Il Monte delle Fate

Monte delle Fate

Il Monte delle Fate fa parte del gruppo montuoso degli Ausoni, nell'Antiappennino Laziale. È una delle più importanti cime, assieme alla Cima del Nibbio (alta 1152 metri) e al Monte Calvo (1141 metri): di formazione calcarea, ricco di zone carsiche, raggiunge i 1090 metri s.l.m. ed è particolarmente appuntito, caratteristica non comune agli Appennini.

Sulla sua vetta crescono fiori rarissimi, e gli abitanti del luogo sono pronti a giurare che ciò sia opera delle fate: esse vivrebbero tutt'ora nelle grotte (non ci è dato sapere quali) appartenenti al monte. Del resto, più ci si avvicina alla cima, più si incontrano distese di salvia, pianta a cui tradizionalmente sono molto affezionate.

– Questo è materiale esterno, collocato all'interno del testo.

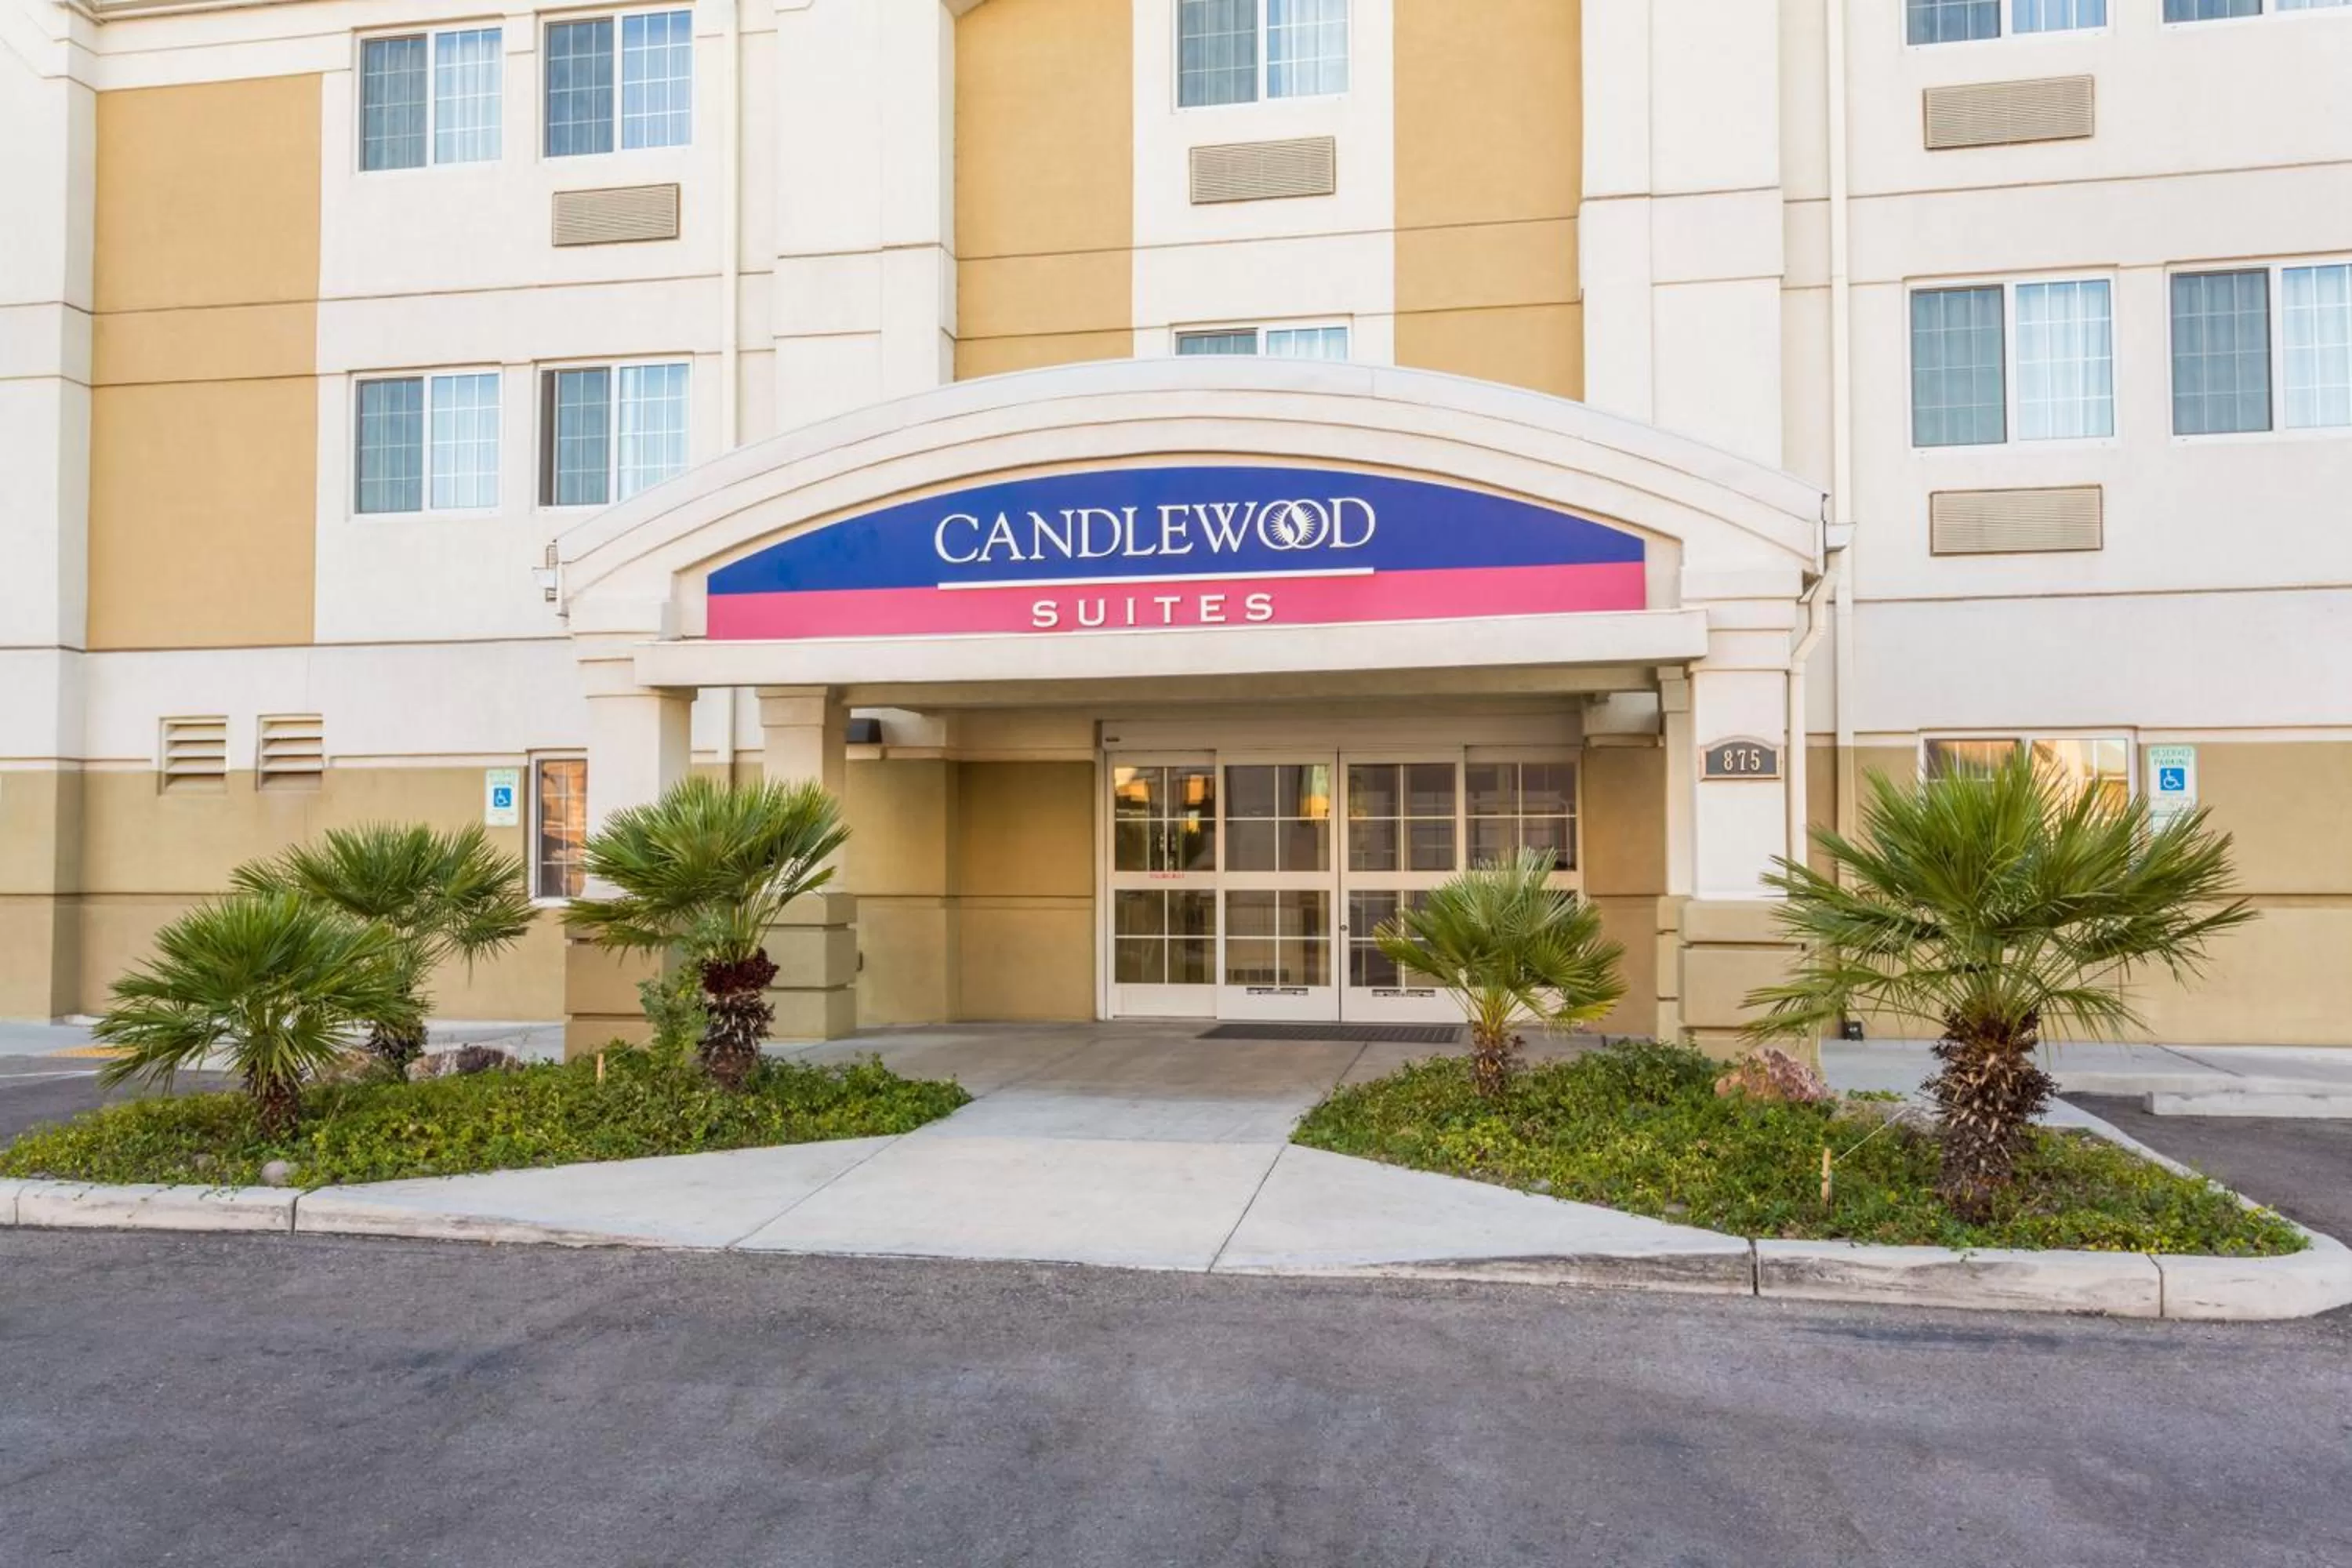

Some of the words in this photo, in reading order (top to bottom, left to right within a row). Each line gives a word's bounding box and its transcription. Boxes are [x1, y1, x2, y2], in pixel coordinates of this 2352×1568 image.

[935, 497, 1376, 563] CANDLEWOOD
[1032, 593, 1274, 627] SUITES
[1723, 749, 1761, 771] 875

Quando nella zona erano ancora ben vivi i culti pagani, si raccontava che le fate vivessero presso i fiumi e che la sera si dessero appuntamento nelle radure tra le sacre querce, assieme alle altre divinità. Con il successivo disboscamento e l'avvento del cristianesimo, le fate furono costrette ad abbandonare i boschi e a rifugiarsi all'interno delle grotte, in modo che gli uomini non le potessero ulteriormente turbare. Idea che venne poi ripresa dai briganti, i quali, a cavallo tra il Settecento e l'Ottocento, utilizzarono gli stessi luoghi come rifugio: una leggenda locale vuole che il brigante Gasbaronne, assieme ai suoi compagni, fosse stato tra i primi ad usufruire di questi nascondigli naturali.

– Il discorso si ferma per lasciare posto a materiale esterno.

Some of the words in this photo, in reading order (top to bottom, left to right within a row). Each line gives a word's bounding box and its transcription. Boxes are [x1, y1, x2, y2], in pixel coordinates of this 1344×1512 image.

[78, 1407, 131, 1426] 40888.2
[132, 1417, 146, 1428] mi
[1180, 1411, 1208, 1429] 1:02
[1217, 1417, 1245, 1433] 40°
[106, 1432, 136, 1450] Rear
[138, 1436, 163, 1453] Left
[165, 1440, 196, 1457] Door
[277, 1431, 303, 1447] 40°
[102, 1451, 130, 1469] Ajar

In realtà, il nome di questo monte deriva da un'altra tradizione, anch'essa pagana. Gli antichi abitanti del luogo, i Volsci, erano legati al culto di Diana Tifatina, una delle tre principali divinità capuane. In lingua osca, Tifata significa “bosco di lecci”, luogo caro alla dea e alle sue attività venatorie. Ovviamente, con il passare del tempo e forte delle “storpiature” dialettali, il nome Monte Tifata è diventato “Monte da' fata” e, conseguentemente, Monte delle Fate.

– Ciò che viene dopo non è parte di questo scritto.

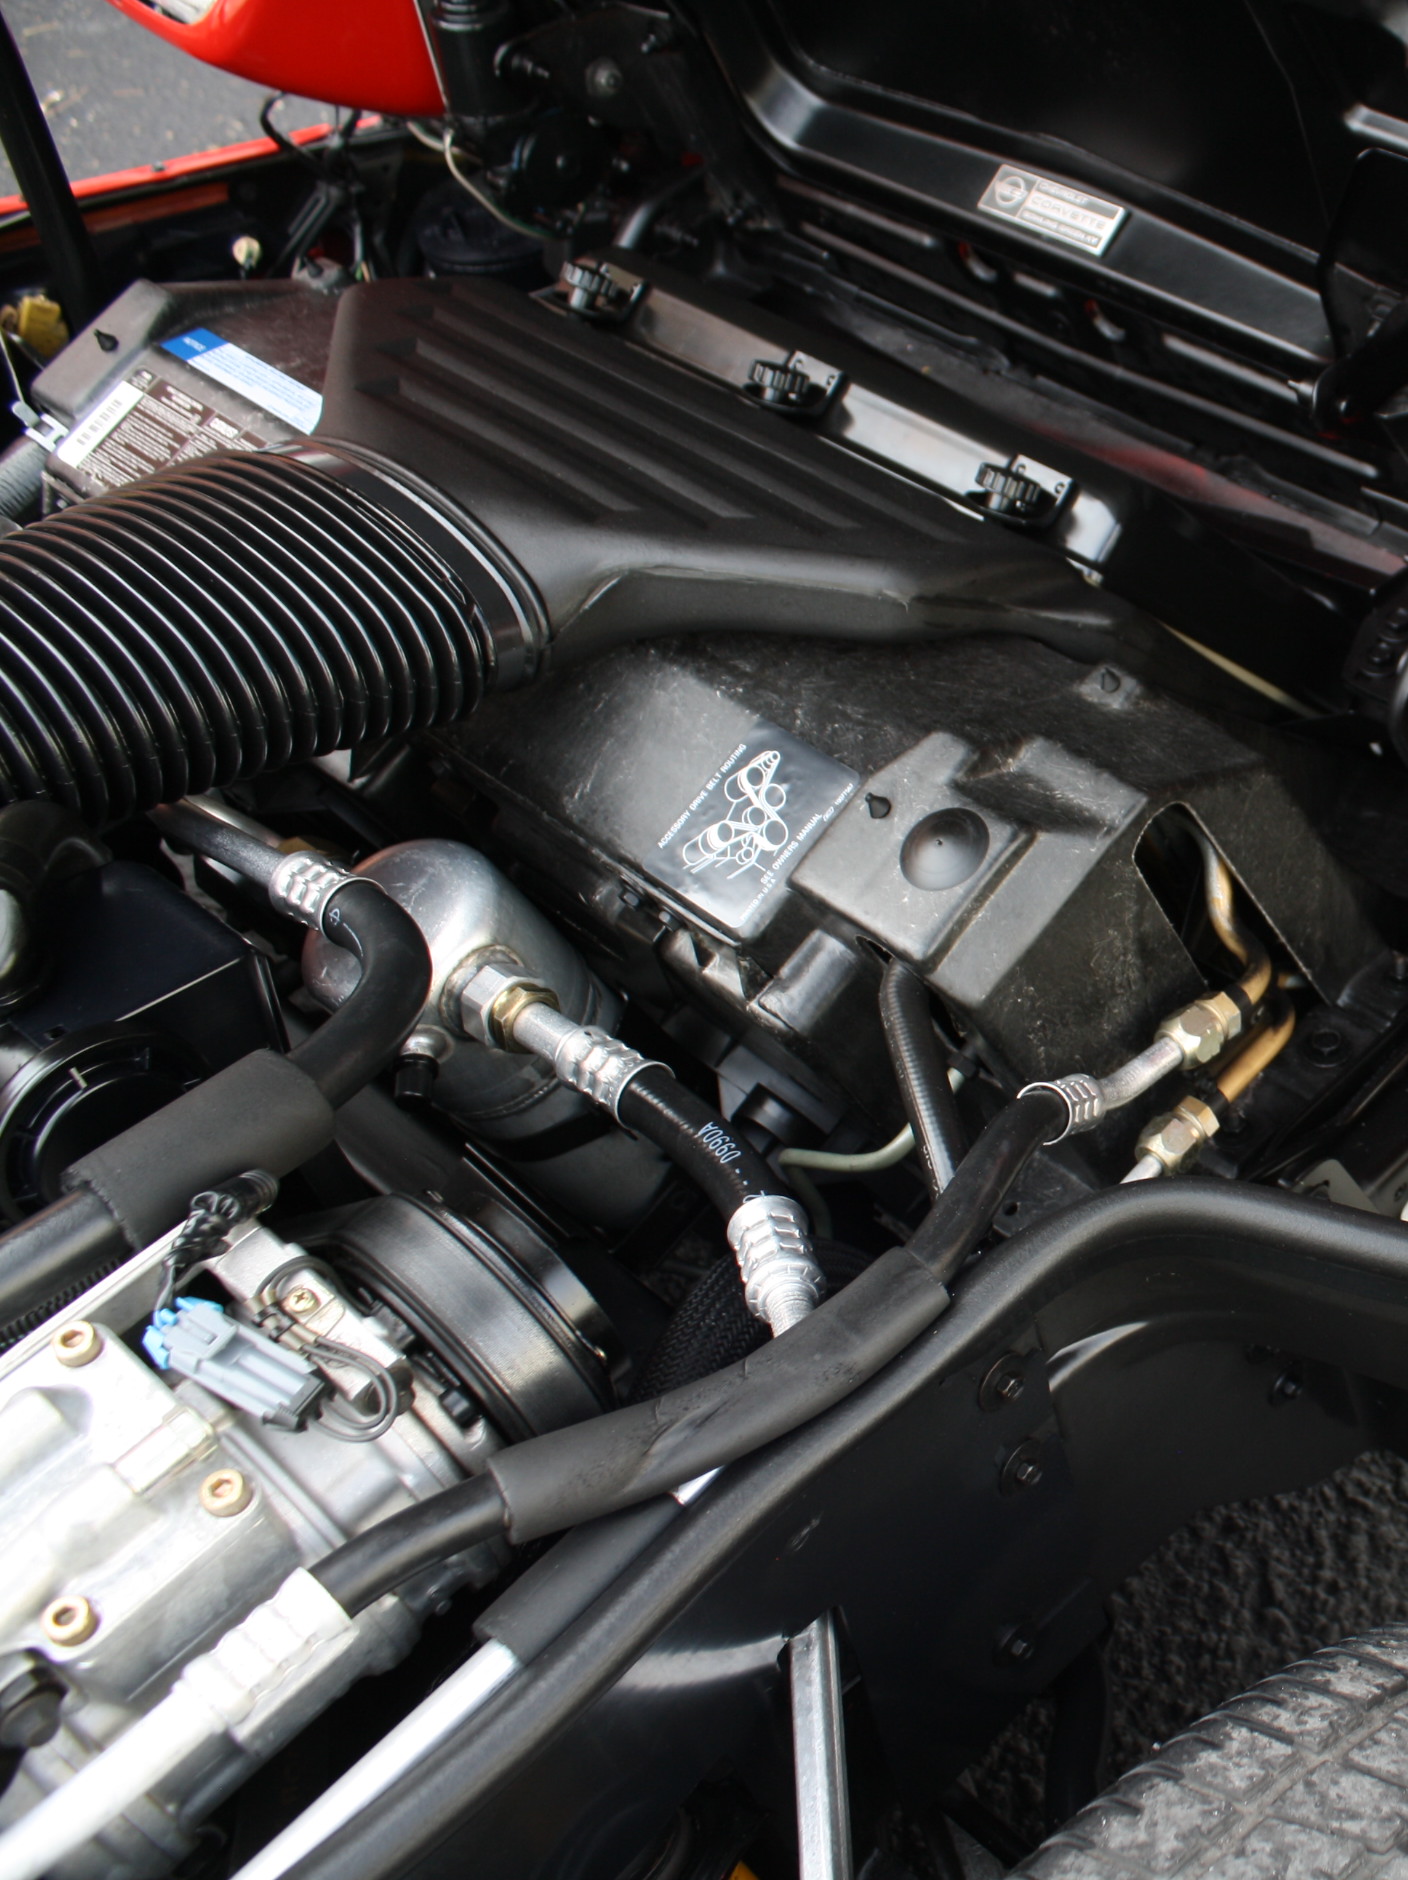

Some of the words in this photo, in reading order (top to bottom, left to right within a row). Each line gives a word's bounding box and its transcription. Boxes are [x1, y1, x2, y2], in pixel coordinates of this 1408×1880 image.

[1031, 196, 1106, 230] CORVETTE
[657, 809, 691, 849] ACCESSORY
[688, 790, 708, 811] DRIVE
[705, 772, 722, 791] BELT
[720, 743, 747, 773] ROUTING
[760, 870, 775, 885] SEE
[772, 840, 799, 870] OWNERS
[796, 813, 823, 841] MANUAL

Sempre legata al culto di Diana è la processione notturna delle torce che tutt'ora ha luogo a maggio nel territorio di Sonnino, sebbene assumendo valenza cristiana. Lo scopo resta comunque invariato: l'allontanamento delle forze maligne e dei nemici, invocando l'intercessione della Madonna/Dea.

Nell'agosto del 2011 è stata posta sul monte una statua della Madonna, a testimoniare quanto ancora gli abitanti del luogo siano affezionati a questo culto femminile: i tempi cambiano, ma le tradizioni, in un modo o nell'altro, restano.